Avg: 2.9 from 14 votes
|Type:||Trad, 800 ft (242 m), 5 pitches|
|FA:||Veldhuisen, Heiser 2018|
|Page Views:||1,497 total · 50/month|
|Shared By:||Curt Veldhuisen on May 7, 2018|
|Admins:||Scott Coldiron, Jon Nelson, Micah Klesick, Z Winters|
Pitch 1. Climb Road to Nowhere (5.3, bolts). With a little simul-climbing, it goes in one lead (~75 m).
Pitch 2. A mixed-bag of clean and scruffy angling toward the right skyline. Starts straight up two short slabs, passing fresh bolts and a recent rap anchor. Catch a blocky ramp rightward through bits of suspect rock to another slabby section (5.8). Traverse under a sizable overlap and find the bolted belay. (4 bolts & gear, 5.8)
Pitch 3. The money pitch, featuring 60m (+/-) of 5.9 slab climbing without much relief! You may want a couple of small cams for the initial overlaps, then venture up the loooong narrow slab to the horizontal tree. (13 bolts, 5.9+)
Pitch 4. An increasingly airy pitch up the rounded buttress. From the belay, step up and left, cross a small overlap (small cam) to gain a bolt and a rounded stance. Continue straight up the knobby buttress, which rolls over to the belay. (6 bolts & small cam, 5.8)

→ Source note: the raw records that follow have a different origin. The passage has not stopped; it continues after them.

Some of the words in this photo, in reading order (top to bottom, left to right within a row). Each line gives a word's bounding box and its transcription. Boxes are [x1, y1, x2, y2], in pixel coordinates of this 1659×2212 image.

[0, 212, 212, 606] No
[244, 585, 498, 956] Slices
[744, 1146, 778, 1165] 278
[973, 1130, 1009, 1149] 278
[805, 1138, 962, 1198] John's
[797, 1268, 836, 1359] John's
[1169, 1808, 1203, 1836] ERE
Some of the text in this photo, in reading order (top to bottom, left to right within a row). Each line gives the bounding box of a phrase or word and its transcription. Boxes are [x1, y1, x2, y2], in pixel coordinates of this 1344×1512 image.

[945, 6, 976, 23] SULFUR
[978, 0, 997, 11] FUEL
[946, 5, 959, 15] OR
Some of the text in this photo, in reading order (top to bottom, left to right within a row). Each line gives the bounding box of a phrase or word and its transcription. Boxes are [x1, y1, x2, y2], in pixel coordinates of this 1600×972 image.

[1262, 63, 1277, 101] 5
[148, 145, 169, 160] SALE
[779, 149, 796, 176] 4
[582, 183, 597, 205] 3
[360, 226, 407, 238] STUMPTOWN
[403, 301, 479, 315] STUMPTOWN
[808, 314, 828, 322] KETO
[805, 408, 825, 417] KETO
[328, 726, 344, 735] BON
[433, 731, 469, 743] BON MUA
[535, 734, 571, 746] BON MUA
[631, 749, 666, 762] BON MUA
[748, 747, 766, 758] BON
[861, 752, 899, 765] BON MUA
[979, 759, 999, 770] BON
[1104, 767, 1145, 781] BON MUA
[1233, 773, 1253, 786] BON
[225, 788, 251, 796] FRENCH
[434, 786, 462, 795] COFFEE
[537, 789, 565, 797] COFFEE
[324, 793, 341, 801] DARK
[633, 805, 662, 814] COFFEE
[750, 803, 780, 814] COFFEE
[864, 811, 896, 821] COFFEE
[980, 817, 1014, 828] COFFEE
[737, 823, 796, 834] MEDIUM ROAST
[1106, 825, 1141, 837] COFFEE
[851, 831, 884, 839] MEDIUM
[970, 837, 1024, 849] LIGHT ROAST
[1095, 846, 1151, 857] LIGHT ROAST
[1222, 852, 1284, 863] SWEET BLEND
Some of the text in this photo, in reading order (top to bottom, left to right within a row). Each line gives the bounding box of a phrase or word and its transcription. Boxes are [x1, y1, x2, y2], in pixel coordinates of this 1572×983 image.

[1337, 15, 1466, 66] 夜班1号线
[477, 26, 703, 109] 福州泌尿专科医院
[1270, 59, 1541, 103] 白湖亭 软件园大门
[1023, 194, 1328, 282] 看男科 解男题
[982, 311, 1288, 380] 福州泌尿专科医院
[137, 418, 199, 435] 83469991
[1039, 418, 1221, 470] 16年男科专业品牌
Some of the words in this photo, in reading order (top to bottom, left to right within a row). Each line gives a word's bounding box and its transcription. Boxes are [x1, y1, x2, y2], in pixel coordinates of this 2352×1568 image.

Pitch 5. A short pitch that connects to Silent Running. Head leftward below the huge cedar bush, clip a bolt and cross the small rib. Climb the slab and step left to reach Silent Running’s 5th belay. (3 bolts, 5.7)
All belays have double 3/8" bolts.
Descent options: 1. Rappel Silent Running (if not crowded), or 2. Rappel Mystery Tour, detouring skiers right to reach Road to Nowhere (see topo). Reversing pitches 2 and 3 is not good, trust me! All options require double 60 m ropes.